This is not a foodie blog, although I may talk about food from time to time.
It is not a rant blog, although I may do that, too.
It is simply a sharing of my thoughts because we all need an audience who responds to us,
to validate that we mean something, that we are alive.
Enjoy.

Sunday, February 12, 2012

Funereal Observations

I am becoming a funeral connoisseur. It began with my father’s funeral in 1981. He was a 32nd degree Mason. My mother did not approve, but she relented and allowed the Masonic ritual to be performed at Daddy’s interment.

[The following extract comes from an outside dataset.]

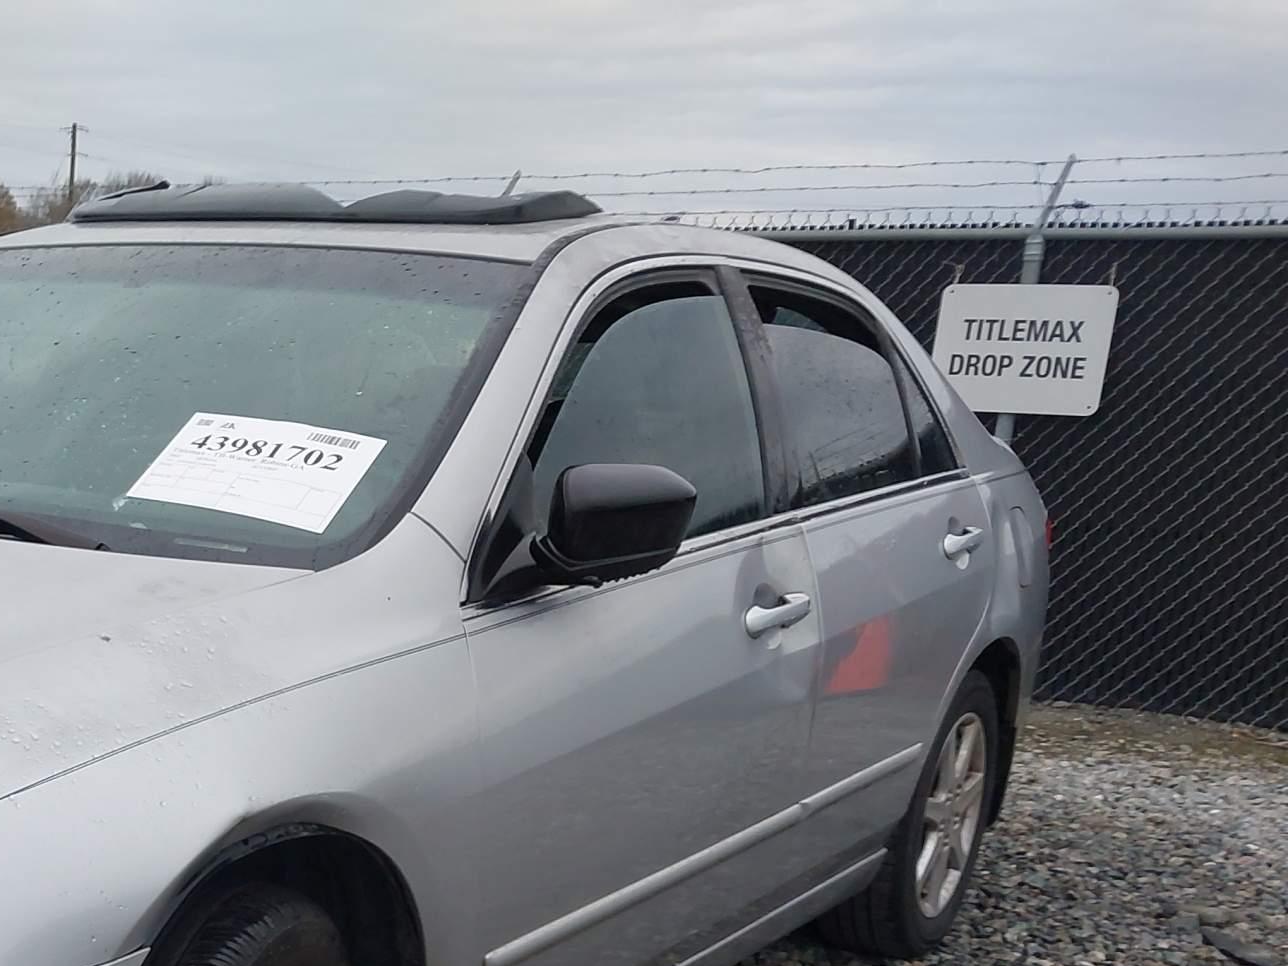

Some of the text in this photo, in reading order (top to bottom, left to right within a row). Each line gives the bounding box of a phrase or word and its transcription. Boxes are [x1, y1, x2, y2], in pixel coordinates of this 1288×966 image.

[963, 318, 1086, 343] TITLEMAX
[947, 353, 1088, 380] DROP ZONE
[190, 433, 344, 472] 43981702

Having been raised in my mother’s very austere church, I found the ritual wondrous. Masonic brothers stood around my father’s casket and recited a comforting liturgy while folding a carpenter’s apron. Daddy would have been pleased.

I don’t remember attending a lot of funerals for the next twenty years, but suddenly I was spending a lot of time in funeral homes and churches. Most of the funerals were disappointing. They seemed irrelevant to the lives we were supposed to be celebrating. Occasionally, a funeral service would be a little less generic, like the service for a former black student of mine. It was very interactive. There were lots of “amens” and hats. I wish I had worn a hat. I felt out of place, not because I was white but because I was so inhibited and hatless, which was probably because I was white.

I attended the funeral of another student who would have been appalled at the somberness of the service. Granted it was heartbreaking that he was just in his thirties when he died, but he was one of the most talented, creative young men I had ever met. His funeral didn’t reflect that, and it made me sad that most of the people in attendance had no idea who he really was.

When my mother died at the age of ninety, I wanted to speak at her funeral and expressed my wishes to the preacher. He said that was his job. He was an awful speaker and didn’t do my mother justice. He didn’t know my mother when she was much younger and full of life. He didn’t know that I wanted to strangle him and put him out of my misery.

About a year-and-a-half later, I hosted my baby sister’s funeral in my home. My older sister read a poem that our sister had written about all of us cooking together. A little more tearfully than expected, I read the eulogy I had written. Then, according to her wishes, we traipsed out to the pasture behind my house and scattered her ashes. She would have loved it. She was the center of attention, and the people she loved most were there.

I have attended funerals at which the deceased was celebrated with anecdotes, both loving and humorous; funerals at which the preacher saw an opportunity to save souls (those are the worst!); and funerals so generic that I passed the time by planning my own funeral.

I don’t want a standard funeral. I want a party. It would be held in a community building of some sort. Everyone would bring his or her favorite dish and sit around eating and reminiscing. The formalities would include people getting up and telling their favorite memory about me, preferably something funny.

Then one of my children or grandchildren would read my poem:

Cradle

I crawl into the lap of the Universe

And rest my head in the curve of her arm.

She sighs to have me back

And hums a melody filled with stars.

I breathe in her fragrance of whirling atoms

And exploding suns.

I close my eyes in sleep

Forever.

1 comment:

  1. This is my favorite of your posts. I have often felt this way at funeral, though I have not attended many of people close to me. Mostly I think of my mamaws funeral and how stuffy and generic it was. It felt like a show, and not good one either. Nothing like her. She was one of the most amazing people I have ever known. Full of life. She laughed almost without break. She was one of those bat crazy grannys that drove ninety to nothing down the back roads. She would ground out her buick almost daily. I hated it, not just because I was morning the loss of the closest person to me, the one who knew me best but because she wouldn't have liked it at all. She would have been repulsed by it. The only thing that I knew she would have approved of was the fact that I sang her favorite song. I didn't want to but she had asked me to when she was practically on her death bed, so I did. I blubbered through it. I will never forget how I felt, sad yes but I felt like I honored her. The song was, "Son Go Bring My Children Home". There is nothing worse than funeral that does not celebrate the person who has passed. It is because most people do not really "know" their loved ones at all. They just think they do. I know the feeling. My mamaw really knew me. My few good memories from when I was young all include her or my cousin Justin. They are both gone now but when I think about them I smile, then comes the tears. My senior year in high school was one of my mamaws worst healthwise. She was in the hospital the night of my senior prom. I was dating a really nice boy at the time, and he along with my best friend, her date, and I went to visit my mamaw at the hospital after we made our appearance at the prom. They were all so kind to do that for me. I will never forget her face when I walked through the door all dolled up. I miss her everyday, it breaks my heart that she never got to meet my children and that they will never have wonderful memories of her as I do. Anyway I rambled. The point is this entry touched me, I shed a few memory tears.
    Hope
    PS-this is posting as my blog ID, which I havent posted in yet, but I think you have inspired me to start!